President Bush, after discussing the situation Friday during a White House meeting with Germany's newly elected chancellor, said, "The current president of Iran has announced that the destruction of Israel is an important part of their agenda, and that's unacceptable. And the development of a nuclear weapon, it seems like to me, would make him a step closer to achieving that objective."
Iran's announcement that it would restart its nuclear program has prompted Britain, France and Germany to call for an emergency meeting next month of the U.N.'s International Atomic Energy Agency. Iran had been following a two-year suspension while it conducted talks with the European countries. (Full story)
Sharon's stroke has changed the political landscape of the Mideast, with elections set for the Palestinian legislature next week and Israeli's parliament on March 28.
Olmert, who was named interim leader of Kadima in place of Sharon, said he hoped to resume peace talks with the Palestinians following the Israeli elections.
Olmert said the Palestinian Authority must disarm terrorist groups as condition for a permanent peace agreement.
The Islamic fundamentalist Palestinian group Hamas, which advocates the destruction of Israel, is expected to be the major challenger to the ruling Fatah Party in the upcoming Palestinian Authority legislative elections.
On the issue of Jewish settlers in the West Bank, Olmert said that Israel will not allow "lawlessness" to continue in Hebron and said that settlers who violate the law will be dealt with "harshly."
Israeli troops have battled rioters for the past four days in the Jewish enclave in Hebron.
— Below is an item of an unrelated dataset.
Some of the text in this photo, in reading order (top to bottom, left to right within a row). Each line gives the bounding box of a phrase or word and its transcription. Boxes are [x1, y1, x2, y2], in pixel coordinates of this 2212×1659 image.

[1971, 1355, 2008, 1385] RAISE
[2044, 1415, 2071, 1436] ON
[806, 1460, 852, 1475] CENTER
Rioters have tried to prevent Israeli troops from carrying out a court order to evacuate eight Jewish families who have been squatting in the city's wholesale market.
Israel Defense Forces have declared the Jewish settlement in Hebron a "closed military zone" and have set up road blocks around the Hebron to prevent protesters from entering the city.
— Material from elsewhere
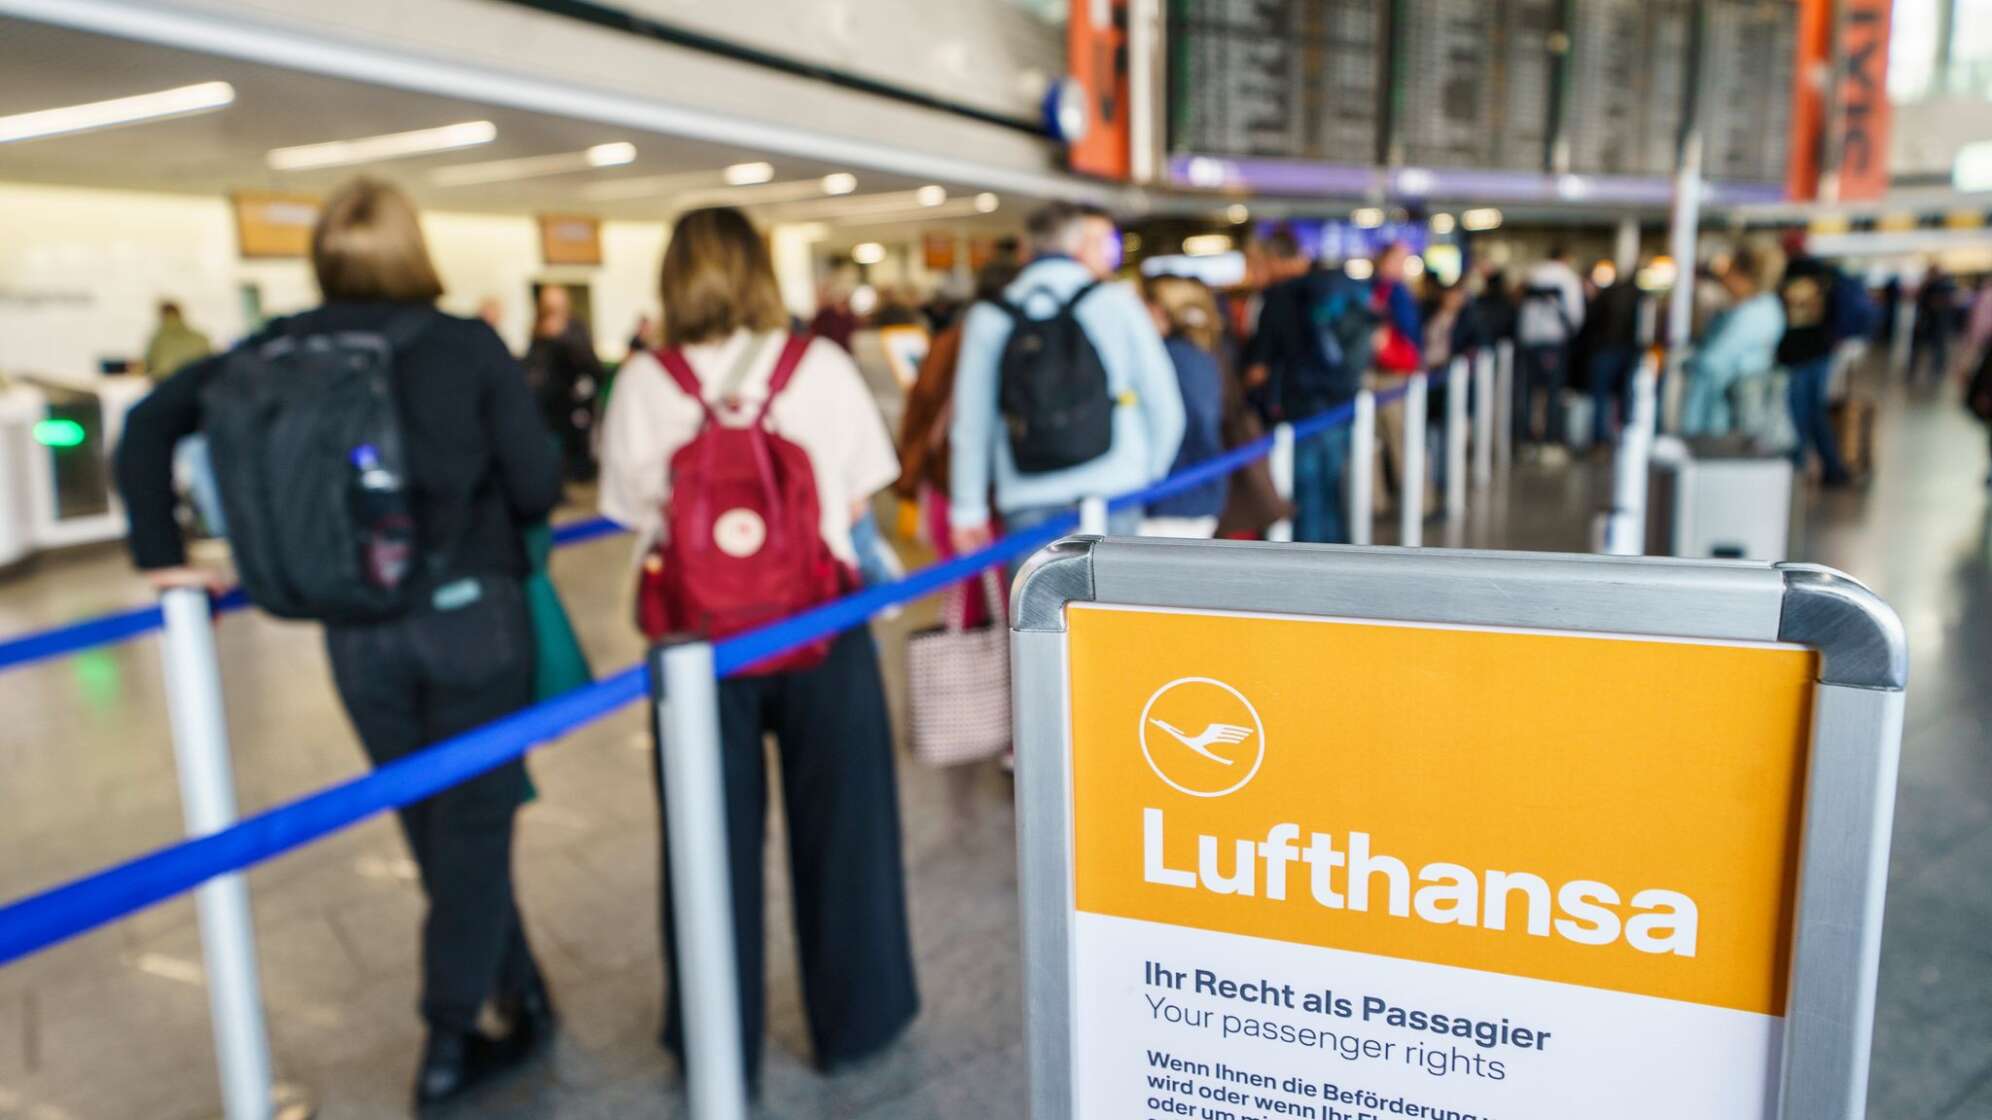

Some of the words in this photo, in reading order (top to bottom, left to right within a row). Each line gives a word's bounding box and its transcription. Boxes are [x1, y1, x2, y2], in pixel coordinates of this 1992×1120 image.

Last week, Olmert worked quietly behind the scenes to consolidate the leadership of Kadima, the new centrist party that Sharon founded after leaving the right-wing Likud party he had belonged to for more than 30 years.
Recent polls show that if elections were held now with an ailing Sharon, Kadima would win the majority of seats in the Israeli parliament, the Knesset. The polls predicted that Kadima would control more seats than the left-wing Labor Party, headed by Amir Peretz, and Likud.